* Task instructions: Set the whole listing down again, word for word, with no pictures.
Records shown Start Marker
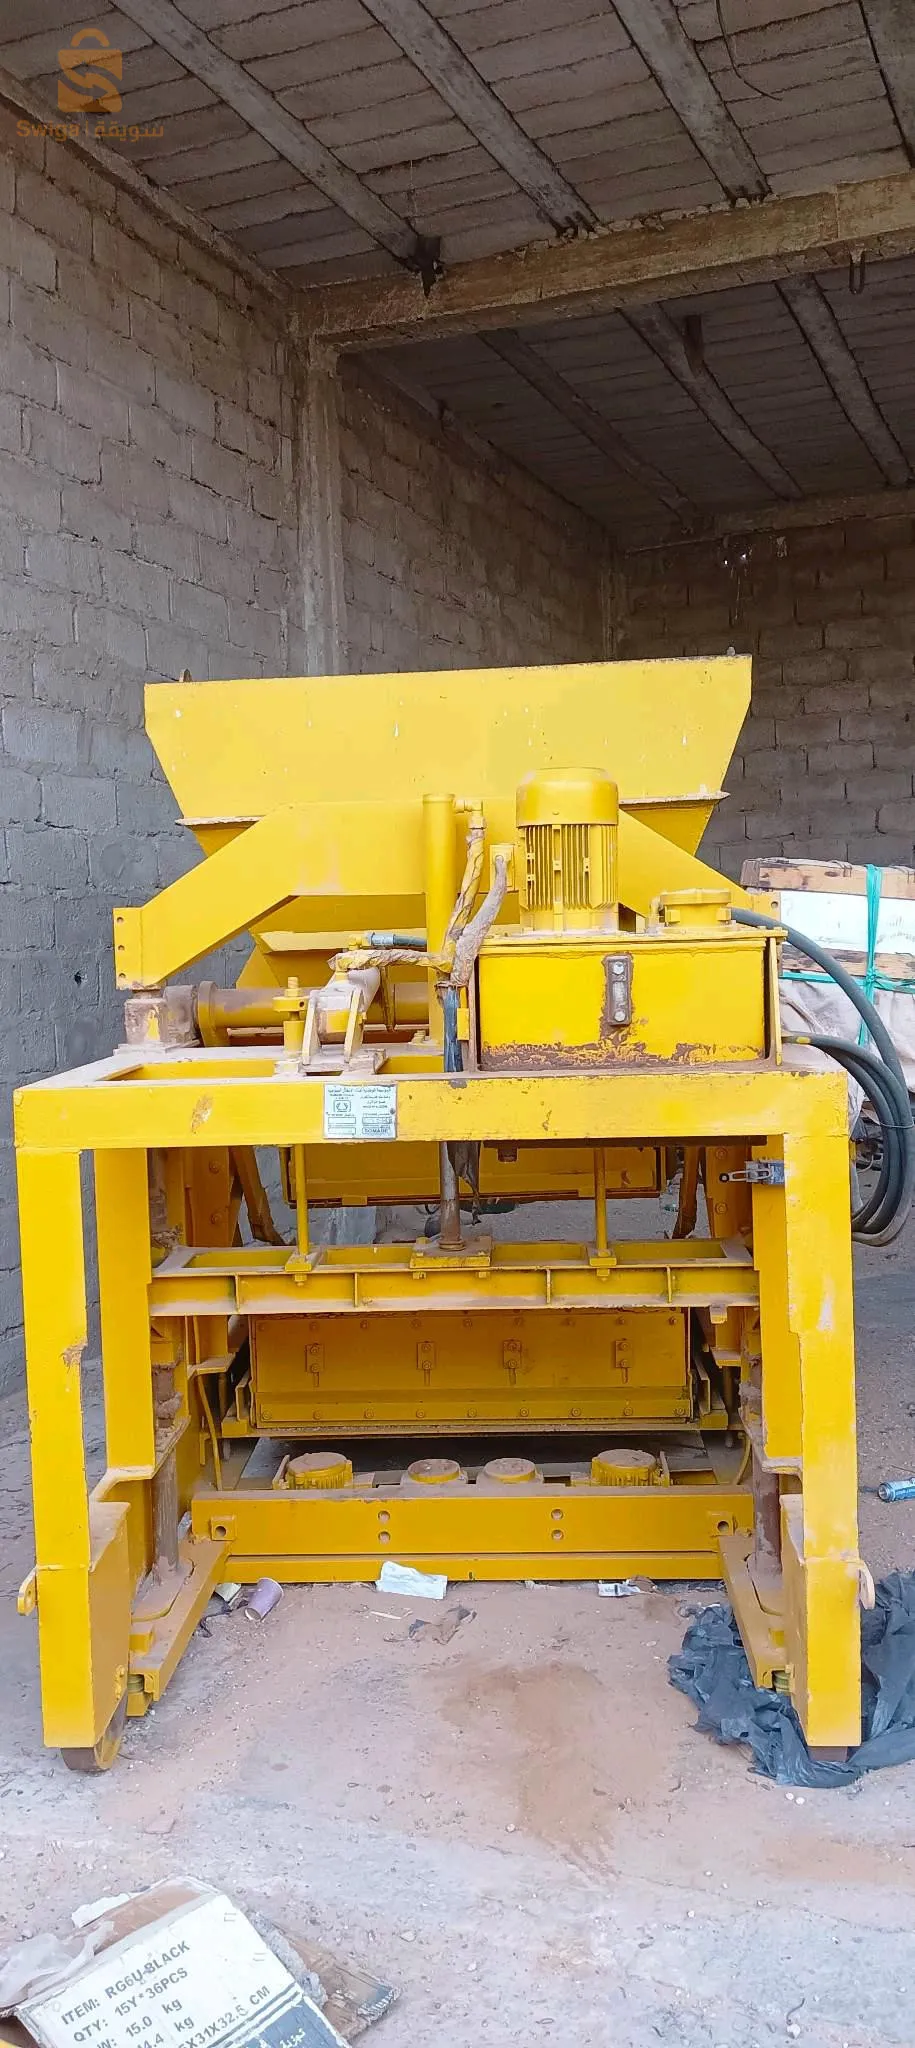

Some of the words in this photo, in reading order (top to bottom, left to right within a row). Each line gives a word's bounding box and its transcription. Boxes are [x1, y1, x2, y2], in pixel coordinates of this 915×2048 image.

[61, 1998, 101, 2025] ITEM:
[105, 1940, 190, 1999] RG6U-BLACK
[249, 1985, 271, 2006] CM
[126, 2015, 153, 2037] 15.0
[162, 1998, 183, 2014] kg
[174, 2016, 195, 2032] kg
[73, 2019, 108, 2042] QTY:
Records shown End Marker
* Response to the task:
Some of the words in this photo, in reading order (top to bottom, left to right within a row). Each line gives a word's bounding box and its transcription. Boxes are [x1, y1, x2, y2], in pixel coordinates of this 915×2048 image.

[61, 1998, 101, 2025] ITEM:
[105, 1940, 190, 1999] RG6U-BLACK
[249, 1985, 271, 2006] CM
[126, 2015, 153, 2037] 15.0
[162, 1998, 183, 2014] kg
[174, 2016, 195, 2032] kg
[73, 2019, 108, 2042] QTY:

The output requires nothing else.